6. MODIFIED HINCHEY CLASSIFICATION
I — localized inflammation / small abscess
II — pelvic or retroperitoneal abscess
III — purulent peritonitis
IV — fecal peritonitis
7. DIAGNOSIS
GOLD STANDARD
Contrast-enhanced abdominopelvic CT
Diagnostic findings:
- bowel wall thickening >4 mm
- inflamed pericolic fat
- abscess
- free air
- free fluid
LAB FINDINGS
Typical:
- neutrophilic leukocytosis
- elevated CRP
- procalcitonin if complicated
Colonoscopy Contraindicated in acute phase → perforation risk.
8. COMPLICATIONS
- abscess
- perforation
- colovesical fistula
- obstruction
- lower GI bleeding
9. EVIDENCE-BASED MANAGEMENT
9.1 UNCOMPLICATED DIVERTICULITIS
Modern guidelines:
Antibiotics not routinely required
Indications:
- immunocompromised state
- sepsis
- severe comorbidity
- high fever
- markedly elevated CRP
Standard care:
- liquid diet initially
- analgesia
- hydration
- clinical monitoring
9.2 COMPLICATED DIVERTICULITIS
Requires:
- hospitalization
- IV antibiotics
- serial CT
- possible percutaneous drainage
9.3 SURGICAL INDICATIONS
Urgent if:
- peritonitis
- free perforation
- treatment failure
- sepsis
Procedures:
- sigmoid resection
- Hartmann procedure
- selected primary anastomosis
10. EMPIRIC ANTIBIOTIC REGIMENS
Coverage must include:
- Gram negatives
- anaerobes
Common regimens:
- ceftriaxone + metronidazole
- piperacillin–tazobactam
- amoxicillin–clavulanate
11. PROGNOSIS
Uncomplicated diverticulitis
Mortality <1%
Complicated with sepsis
Mortality up to 15%
Recurrence risk
20–35%
12. SECONDARY PREVENTION
Evidence-supported:
✔ high-fiber diet
✔ regular exercise
✔ visceral fat reduction
✔ avoid chronic NSAIDs
Not supported:
- avoiding seeds
- avoiding nuts
Current evidence shows no causal relationship.

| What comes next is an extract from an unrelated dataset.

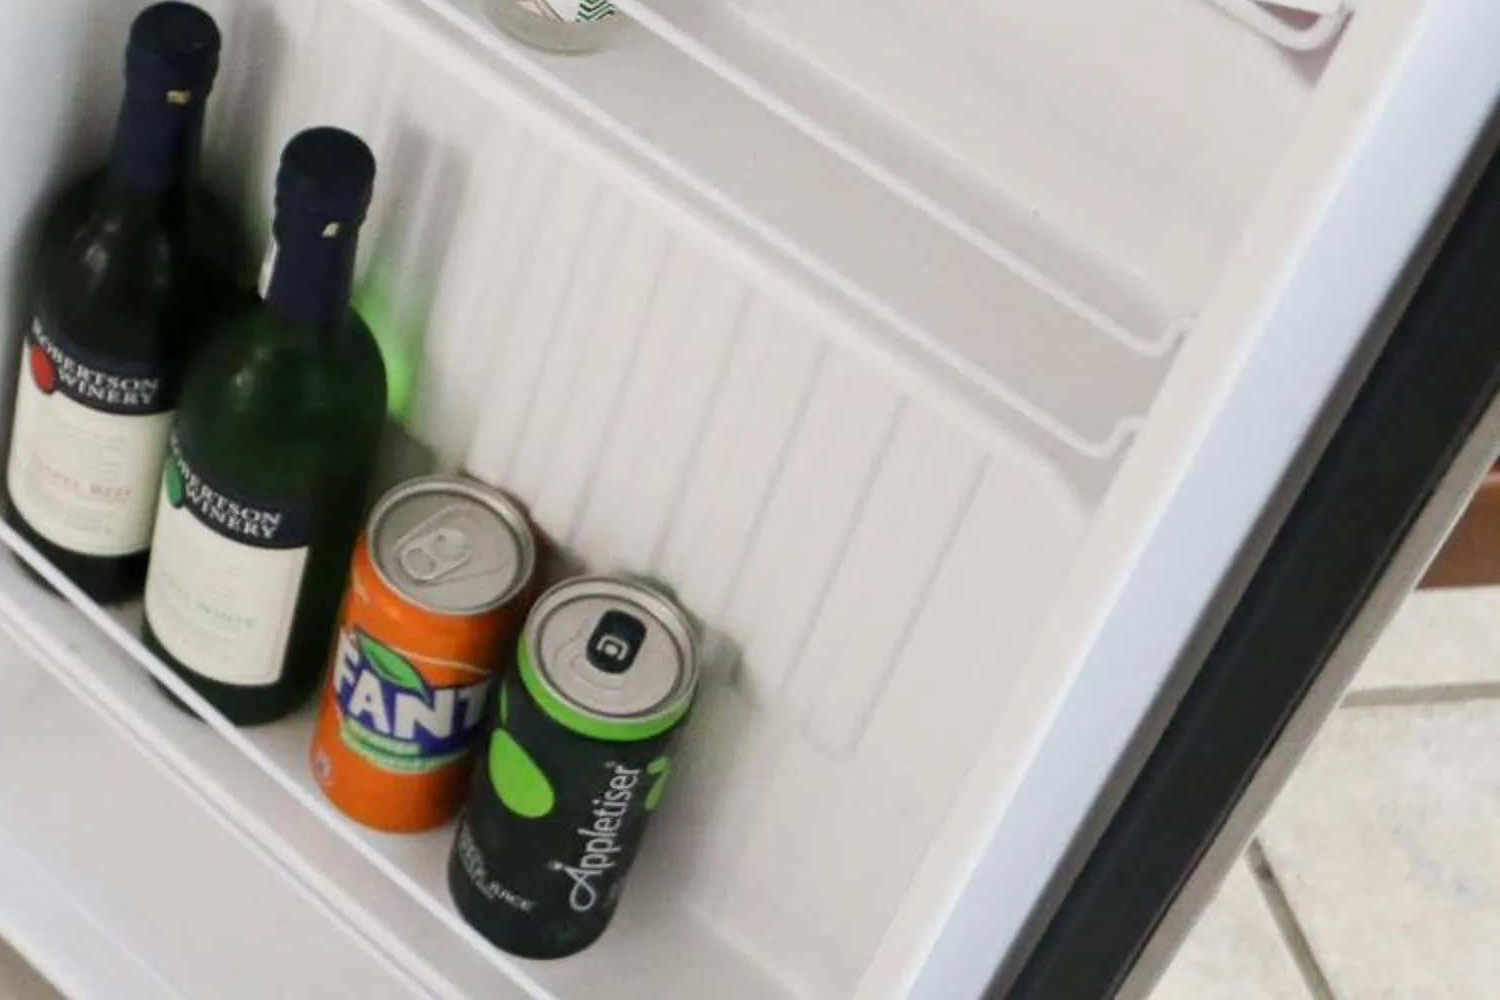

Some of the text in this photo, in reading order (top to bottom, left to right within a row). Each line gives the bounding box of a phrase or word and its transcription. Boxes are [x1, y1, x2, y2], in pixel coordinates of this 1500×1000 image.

13. COMMON CLINICAL ERRORS
Even experienced physicians may:
- prescribe antibiotics to all cases
- order colonoscopy during acute phase
- omit CT imaging
- underestimate mild pain in elderly patients
- misdiagnose as IBS
14. ADVANCED PATHOPHYSIOLOGICAL PERSPECTIVE
Diverticular disease is now considered:
multifactorial biomechanical + microbiomic + chronic inflammatory disorder
Active research areas:
- colonic dysbiosis
- neuromuscular dysfunction
- collagen defects of bowel wall
15. HIGH-LEVEL MEDICAL CONCLUSION
Diverticulitis is not merely infection of a colonic sac.
It is a dynamic process involving interaction among:
- intraluminal pressure
- wall architecture
- microbiota
- mucosal immunity
Modern management requires:
- risk stratification
- precise radiologic diagnosis
- individualized therapy
- avoidance of unnecessary antibiotics
CLINICAL MASTER STATEMENT
Diverticulitis is a segmental inflammatory condition of the colon secondary to diverticular microperforation whose severity depends more on the host inflammatory response than on diverticulum size.